** Try it **
The entries that follow should be repeated exactly, with no pictures kept.

** Records from a dataset **
- Opening Delimiter -
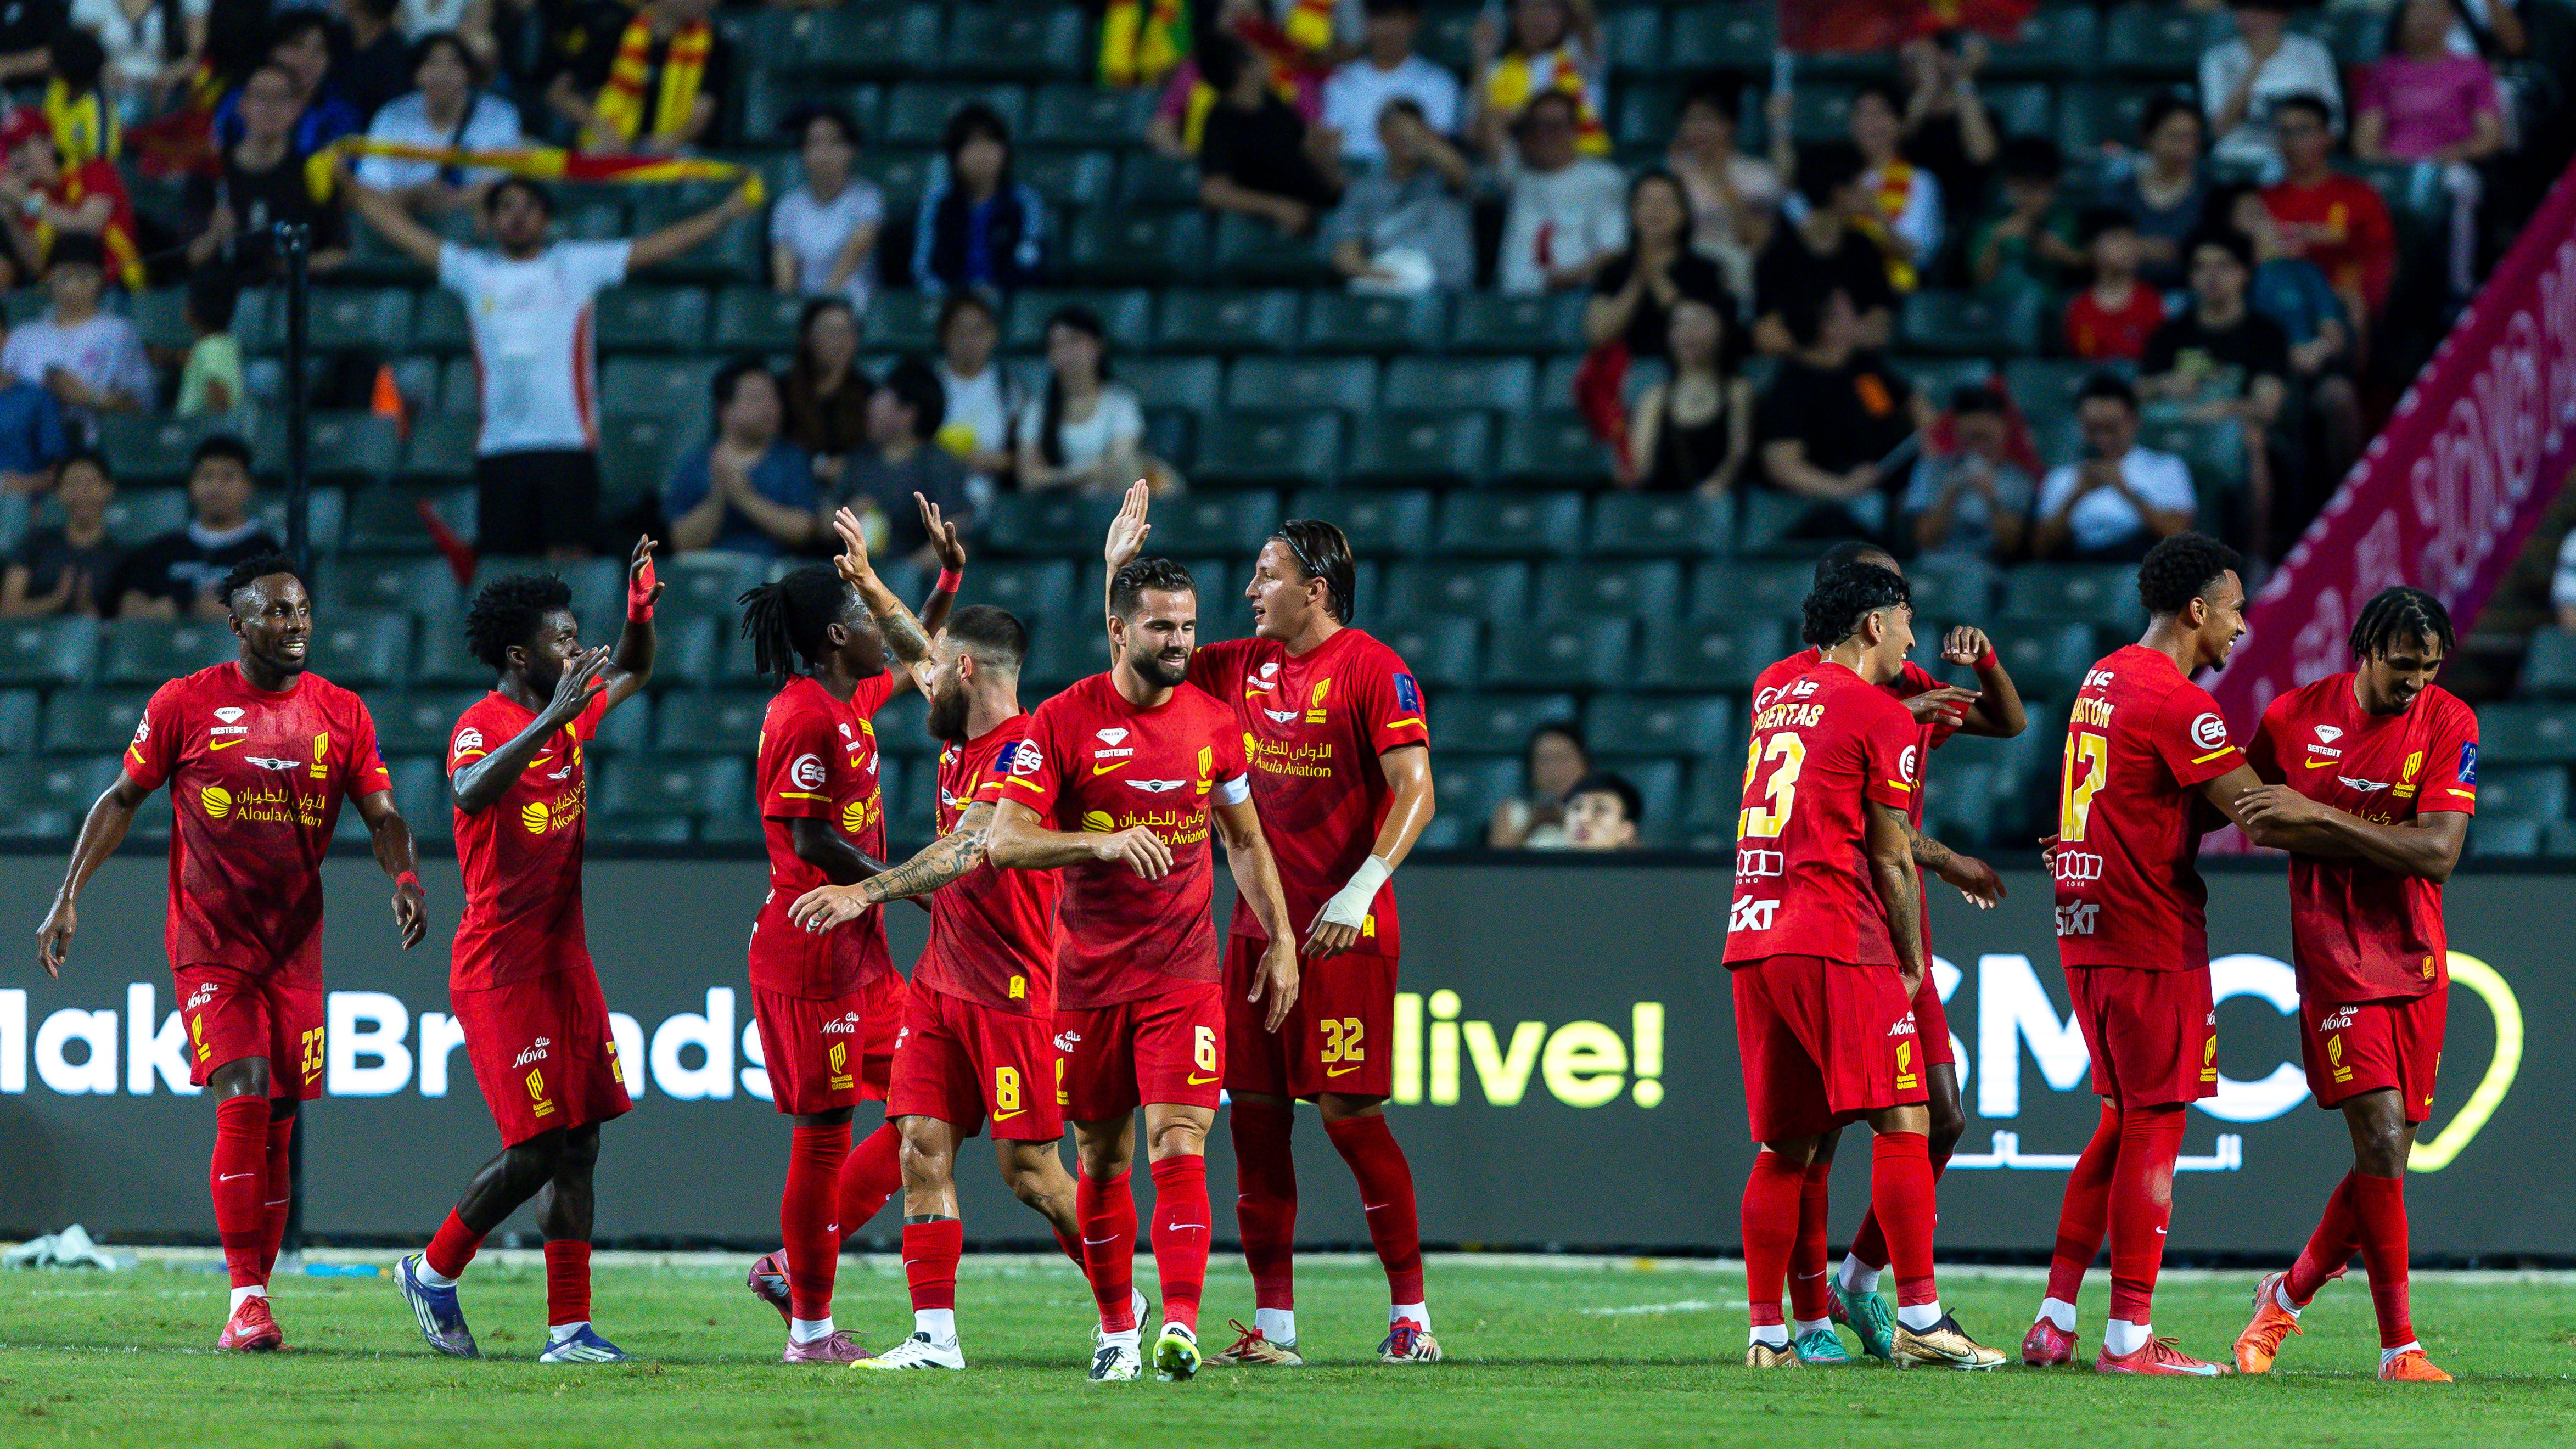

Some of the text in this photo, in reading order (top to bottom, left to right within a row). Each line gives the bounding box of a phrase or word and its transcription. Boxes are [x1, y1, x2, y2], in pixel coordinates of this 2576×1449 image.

[1753, 703, 1825, 737] PUERTAS
[2201, 726, 2227, 742] SG
[1016, 748, 1044, 771] SG
[2307, 743, 2342, 758] BESTEBIT
[800, 763, 825, 782] SG
[1283, 761, 1331, 777] Aviation
[237, 787, 288, 805] للطيران
[1736, 732, 1806, 843] 23
[2061, 731, 2107, 842] 17
[235, 806, 282, 821] Aloula
[185, 990, 212, 1012] Nova
[820, 1018, 855, 1033] Nova
[1887, 1018, 1916, 1036] Nova
[2319, 1013, 2353, 1032] Nova
[301, 1026, 324, 1074] 33
[1053, 1034, 1074, 1052] Nova
[1194, 1025, 1216, 1072] 6
[1321, 1017, 1365, 1062] 32
[1391, 989, 1666, 1109] live!
[512, 1046, 548, 1068] Nova
[996, 1066, 1020, 1110] 8
- Closing Delimiter -
** Solved exercise **
Some of the text in this photo, in reading order (top to bottom, left to right within a row). Each line gives the bounding box of a phrase or word and its transcription. Boxes are [x1, y1, x2, y2], in pixel coordinates of this 2576×1449 image.

[1753, 703, 1825, 737] PUERTAS
[2201, 726, 2227, 742] SG
[1016, 748, 1044, 771] SG
[2307, 743, 2342, 758] BESTEBIT
[800, 763, 825, 782] SG
[1283, 761, 1331, 777] Aviation
[237, 787, 288, 805] للطيران
[1736, 732, 1806, 843] 23
[2061, 731, 2107, 842] 17
[235, 806, 282, 821] Aloula
[185, 990, 212, 1012] Nova
[820, 1018, 855, 1033] Nova
[1887, 1018, 1916, 1036] Nova
[2319, 1013, 2353, 1032] Nova
[301, 1026, 324, 1074] 33
[1053, 1034, 1074, 1052] Nova
[1194, 1025, 1216, 1072] 6
[1321, 1017, 1365, 1062] 32
[1391, 989, 1666, 1109] live!
[512, 1046, 548, 1068] Nova
[996, 1066, 1020, 1110] 8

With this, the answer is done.